Minimal relative humidity in the 10 weeks prior to sampling (RHmin.10w) was negatively associated with A. pleuropneumoniae (OR = 0.940), and positively associated with PRRSV1 (OR = 1.020), PCV-2 (OR = 1.030), and PRRSV–PCV-2 (OR = 1.048).

Wind direction in the 10 weeks prior to sampling (WD.10w) was negatively associated with PRRSV1 (OR = 0.981) and positively associated with M. hyopneumoniae–PCV-2 (OR = 1.026).

3. Discussion

Porcine respiratory disease complex remains one of the most important health concerns with a high economic impact for pig producers worldwide. The disease involves multiple viral and bacterial pathogens together with several non-infectious factors, such as ventilation, housing conditions, and management, leading to respiratory distress in pigs ranging from the peri-weaning period (3–5 weeks of age) over the post-weaning period (6–11 weeks of age) to the finishing stage (12–25 weeks of age). Interaction between both infectious (viral and bacterial agents) and non-infectious factors may all contribute to the development and severity of the respiratory disease [23]. The most commonly identified pathogens are PRRSV, IAV-S, PCV-2, and M. hyopneumoniae, besides other pathogens associated with PRDC, such as Streptococcus suis, A. pleuropneumoniae, P. multocida, DNT-positive P. multocida, Glaeserella parasuis (G. parasuis), Mycoplasma hyorhinis (M. hyorhinis), Mycoplasma hyosynoviae, PRCV, and PCMV [3,23,48].

Detection of the etiologic agents of PRDC has long been difficult, especially due to the wide variety of diagnostic approaches applied in practice. Diagnosis of M. hyopneumoniae could be performed using clinical signs, slaughterhouse checks of affected lungs [49,50], serological examination of relevant age groups [49,50], direct pathogen identification through bacteriological culture [44] or PCR techniques [51,52]. As for other respiratory pathogens involved in PRDC, more or less the same diagnostic approach has been applied, mainly due to lack of diagnostic tests able to simultaneously detect multiple respiratory pathogens in a single-reaction method [6]. Although these single pathogen detection techniques may be reliable and sensitive, they remain time-consuming, labor-intensive and, therefore, quite expensive. Moreover, for bacterial pathogens detection typically depends on culture-based methods that can take up to several days to obtain the final results.
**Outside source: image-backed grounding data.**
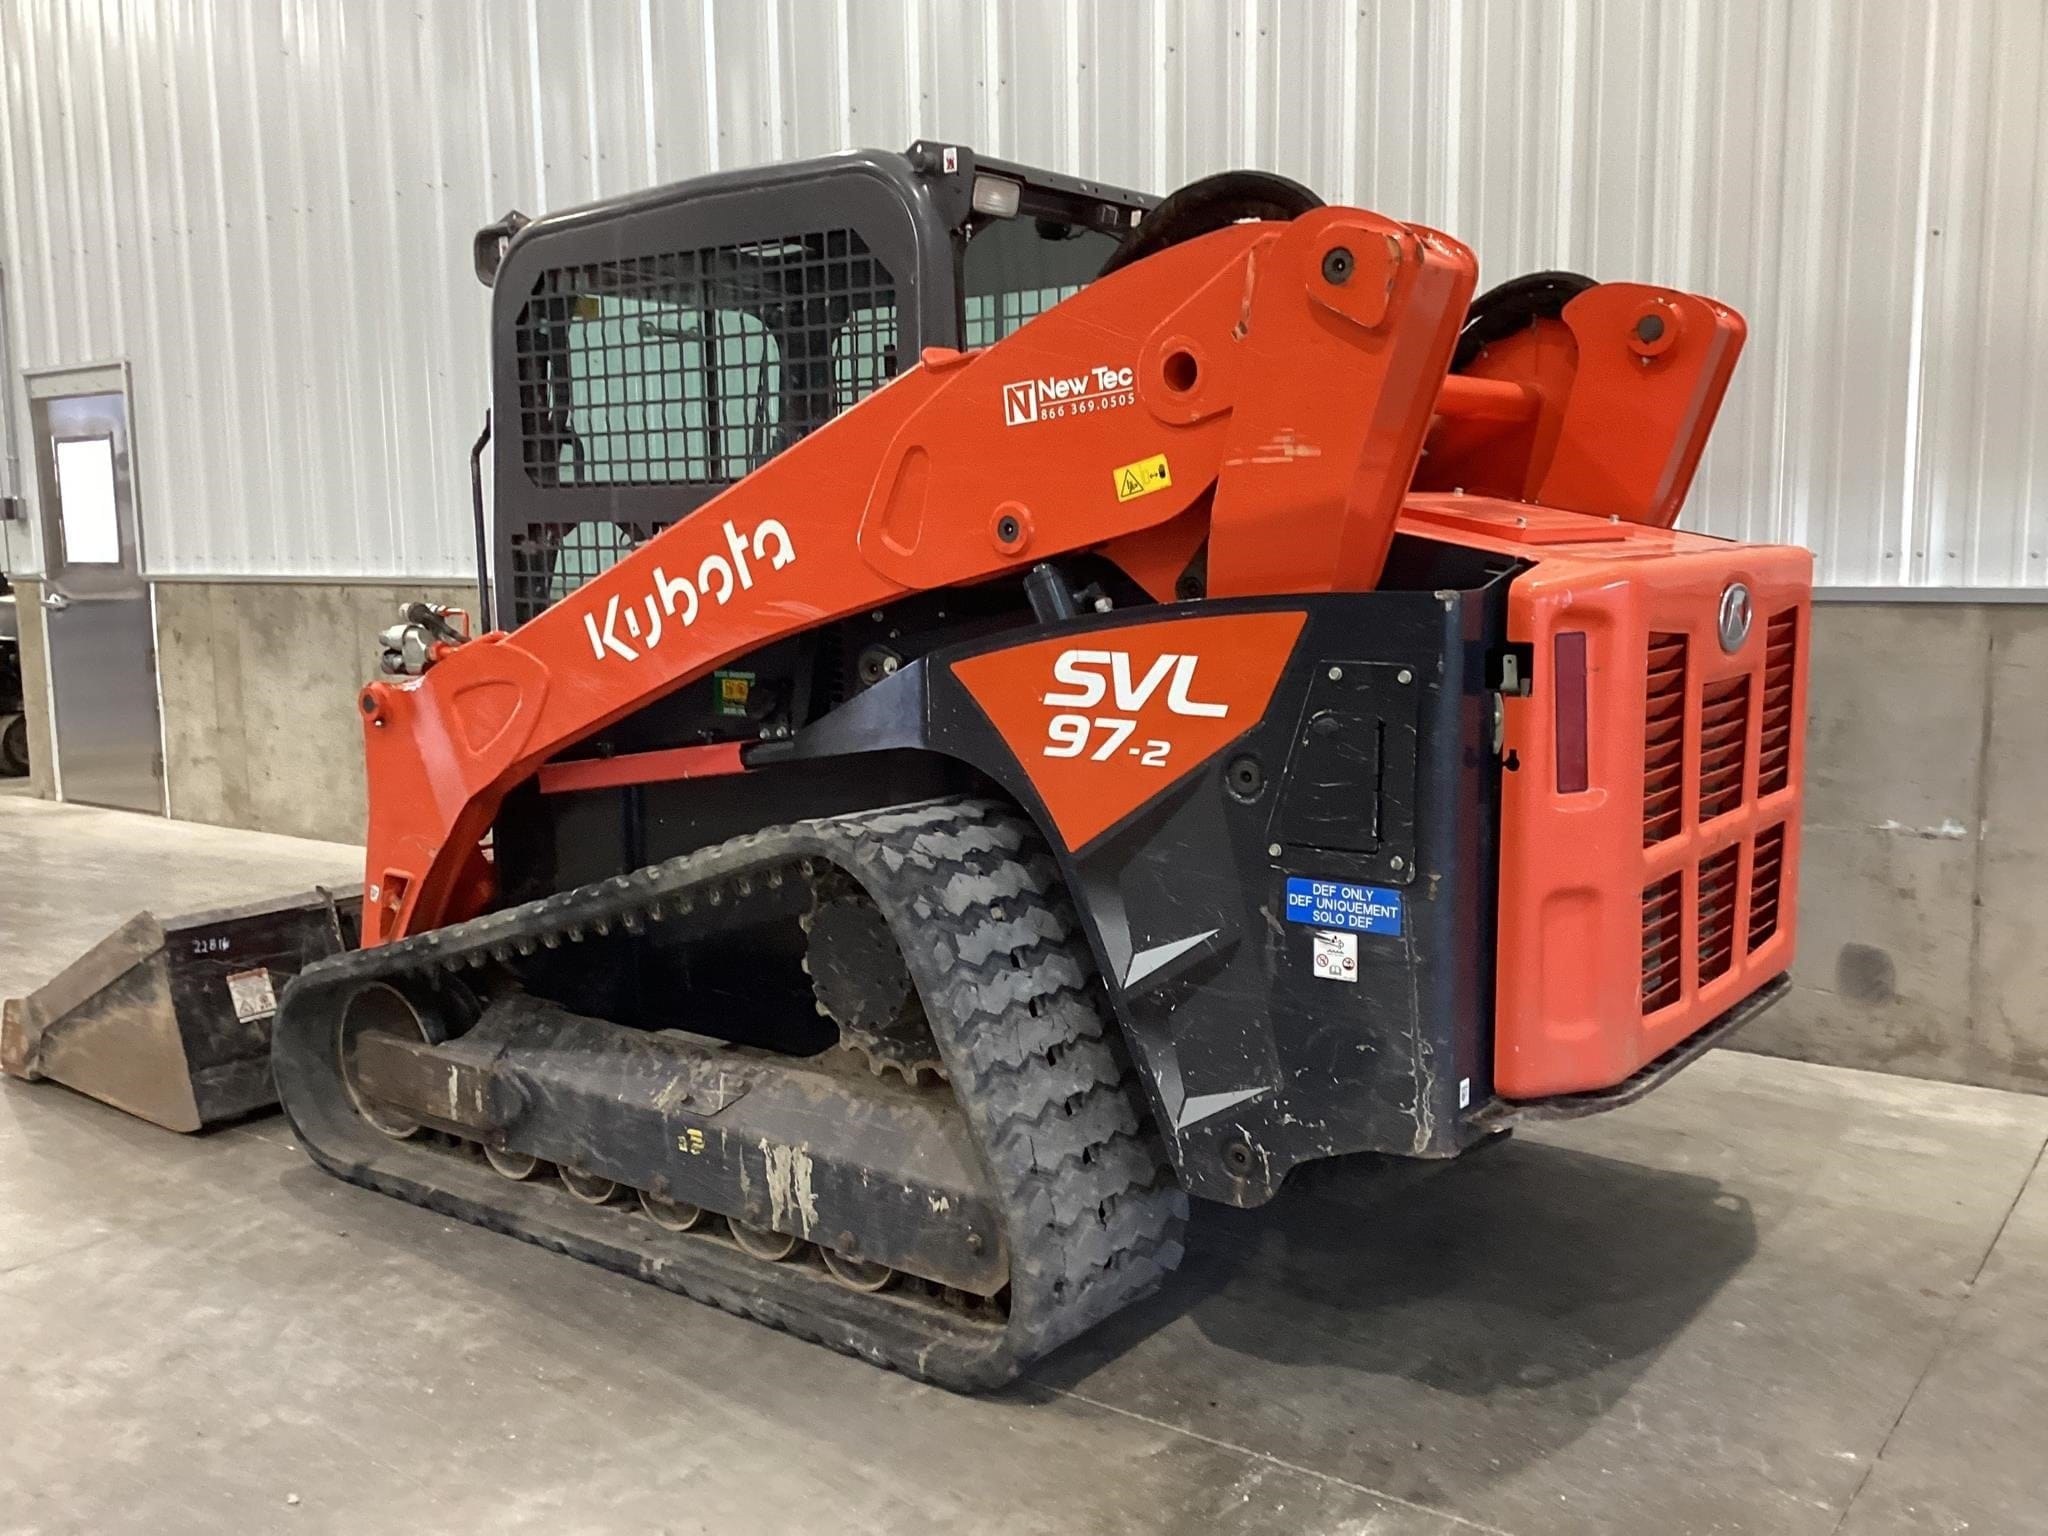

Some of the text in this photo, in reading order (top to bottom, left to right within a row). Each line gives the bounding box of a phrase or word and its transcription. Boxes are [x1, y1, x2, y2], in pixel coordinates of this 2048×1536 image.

[1037, 375, 1089, 402] New
[1091, 366, 1134, 391] Tec
[1041, 393, 1135, 421] 866 369.0505
[583, 519, 796, 662] Kubota
[1043, 649, 1229, 718] SVL
[1043, 714, 1172, 767] 97-2
[1289, 893, 1398, 919] DEF UNIQUEMENT
[1312, 883, 1374, 902] DEF ONLY
[1312, 911, 1373, 929] SOLO DEF
Polymerase chain reactions and real-time PCR tests have been developed for several pathogens involved in PRDC and are characterized by their high sensitivity and ease of use. In combination with a reliable sampling technique, such as TBS, these detection methods based on PCR have been able to detect M. hyopneumoniae at an early age [45,46] and in an early stage of infection [53,54].

The results from the current study in 974 pig farms clearly demonstrate that pigs can be infected at an early stage with M. hyopneumoniae, which is in accordance with previous reports applying the same sampling technique [46]. However, besides M. hyopneumoniae, several other PRDC pathogens may be involved in the clinical picture of coughing piglets at 3–5 weeks of age, such as IAV-S, PRRSV1, PRCV, and PCMV, whereas the prevalence of PCV-2 is rather low at that stage. From a bacterial perspective, A. pleuropneumoniae is present in a quarter of the pigs sampled. These observations are in accordance with Sunaga et al. (2020) [6] who observed mixed infection with several bacterial (A. pleuropneumoniae, Bordetella bronchiseptica, P. multocida, M. hyopneumoniae, M. hyorhinis), and viral agents (PCV-2, PCMV, PRRSV US strain, PRCV) in some of the farms included in the study. Comparison of prevalence data is however not possible due to the low sample number (n = 6 farms, n = 30 samples) in this study [6] as compared to our study (n = 974 farms, n = 22,266 samples).

In contrast to previous studies [45,46,53,54], where sampling was focused on M. hyopneumoniae detection and prevalence only, the current study clearly demonstrates that M. hyopneumoniae is in many cases combined with other pathogens related to PRDC. The demonstrated presence of M. hyopneumoniae at an early stage (pre-weaning or post-weaning) might significantly impact the clinical course of other PRDC pathogens such as PRRSV [9,10], IAV-S [2,11,12], or PCV-2 [14,15].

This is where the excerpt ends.